Individuals can bring a civil action for violations of the state statute. Violations of the law are subject to fines ranging from $100 to $500 for each violation. Maine’s Department of Labor will enforce the law.

“Ban the Box” facts

Janet Mills, Democratic Governor of Maine, signed the employer prohibition against pre-hire inquiries into law on July 6, 2021.

Maine has had a law against inquiries about criminal history on applications for jobs in state government since 2019.

The term “Ban the Box” refers to the box on job applications that job seekers must check if they have a criminal record. The National Conference of State Legislatures has estimated that as of 2018, nearly 1 in 3 adults or about 70 million people, have arrest or criminal records.

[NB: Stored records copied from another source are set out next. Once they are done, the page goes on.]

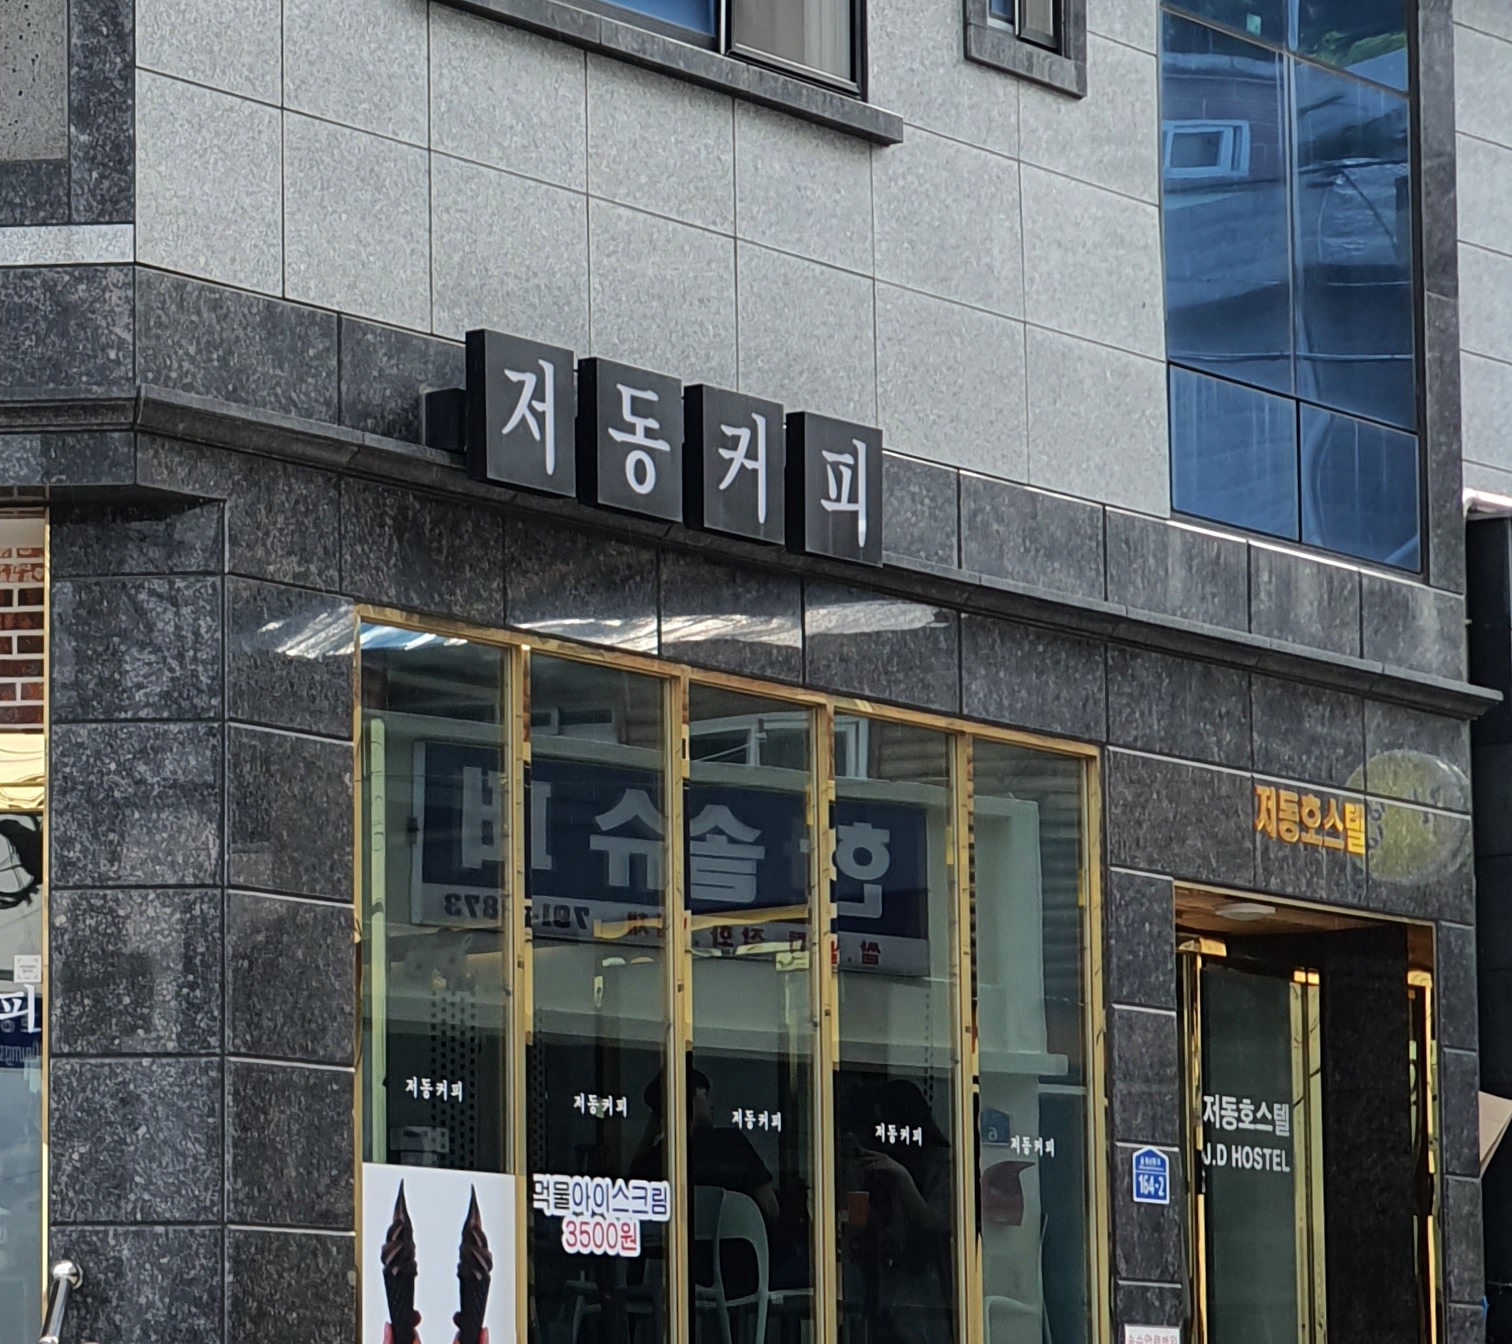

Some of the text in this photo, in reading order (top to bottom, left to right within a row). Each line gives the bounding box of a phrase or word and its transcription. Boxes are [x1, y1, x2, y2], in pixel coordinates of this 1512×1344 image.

[502, 359, 867, 548] 저동커피
[1255, 784, 1366, 855] 저동호스텔
[406, 1076, 464, 1103] 저동커피
[573, 1092, 628, 1118] 저동커피
[731, 1108, 782, 1132] 저동커피
[1203, 1094, 1290, 1137] 저동호스텔
[874, 1123, 923, 1148] 저동커피
[1010, 1134, 1055, 1158] 저동커피
[1202, 1142, 1291, 1173] J.D HOSTEL
[533, 1179, 667, 1215] 먹물아이스크림
[565, 1220, 637, 1251] 3500원

Proponents say “Ban the Box” laws make it easier for ex-offenders to obtain jobs.

Federal “Ban the Box” law

There is no federal law that prevents most private employers from asking about prior criminal history. However, as of December 2021, federal agencies and private employers with federal contracts will be prohibited from requesting criminal history information from candidates until they have made a job offer under the “The Fair Chance to Compete for Jobs Act of 2019” that was a part of the 2019 defense spending bill.

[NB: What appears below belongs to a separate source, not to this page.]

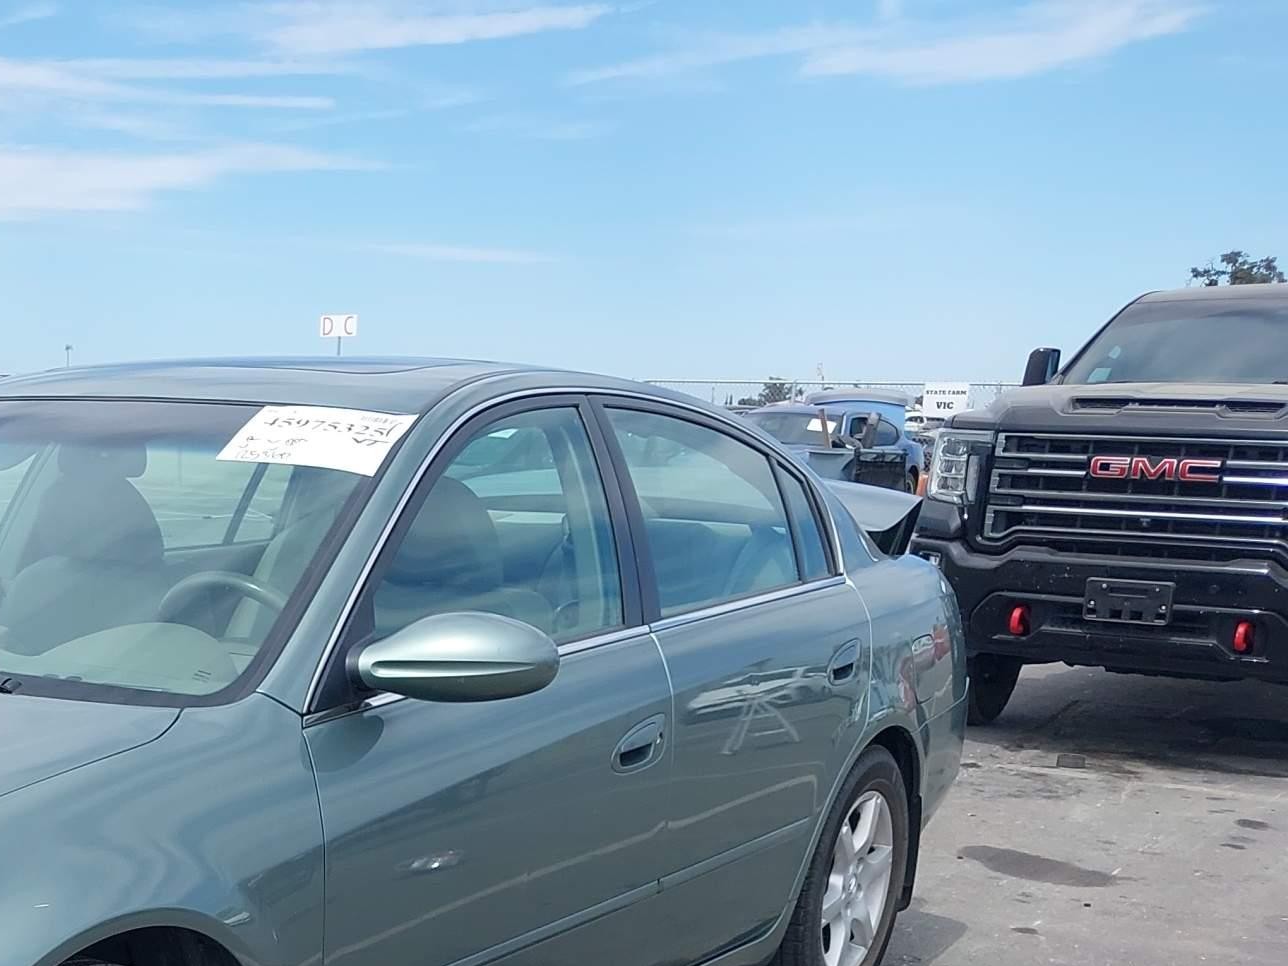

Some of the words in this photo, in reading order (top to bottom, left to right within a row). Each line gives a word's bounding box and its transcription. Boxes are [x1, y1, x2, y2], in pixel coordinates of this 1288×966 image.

The Equal Employment Opportunity Commission (EEOC), the federal agency charged with enforcing federal laws dealing with workplace discrimination, has recommended in a guidance that employers not ask about convictions on job applications and that such inquiries be limited to convictions for which exclusion would be related to the job and consistent with business necessity.

The EEOC has also warned in the guidance that use of an individual’s criminal history can, in some instances, violate Title VII of the Civil Rights Act of 1964’s prohibition against employment discrimination.

City and state “Ban the Box” laws

As of July 2021, 36 states have approved “Ban the Box” laws for public employers.

Over the past several years, a number of cities and states have gone further than the feds and enacted laws that prevent or limit employer inquiries into a job applicant’s criminal history. As of July 2021, 36 states have approved “Ban the Box” laws for public employers, according to Employment Screening Resources — a Novato, CA.-based company that performs employee background checks.

ESR has also noted that 15 states — California, Colorado, Connecticut, Hawaii, Illinois, Maine, Maryland, Massachusetts, Minnesota, New Jersey, New Mexico, Oregon, Rhode Island, Vermont, and Washington — and the District of Columbia have “banned the box” for private employers. Here are some states’ regulations:

  • Maryland’s “ban the box” law forbids all employers with 15 or more full-time employees from asking job applicants to disclose criminal records or criminal accusations before the first in-person interview. It went into effect in February 2020 after state lawmakers overrode a governor veto.
  • A Virginia law that decriminalized simple possession of marijuana and also contained a “ban the box” provision prohibiting employers from requiring job applicants to disclose information concerning criminal charges, arrests, or convictions for simple possession of marijuana went into effect on July 1, 2020.
  • Hawaii amended its “ban the box” law in September 2020, reducing the number of years that employers can go back in considering criminal convictions.
  • California expanded the definition of “applicant” under its “Fair Chance Act” in October 2020 to include individuals who begin work upon receiving a conditional offer of employment but before the employer has conducted or completed a criminal background check. The Golden State law was reportedly amended because of the delay some employers have been encountering in obtaining criminal history information because of the COVID-19 pandemic.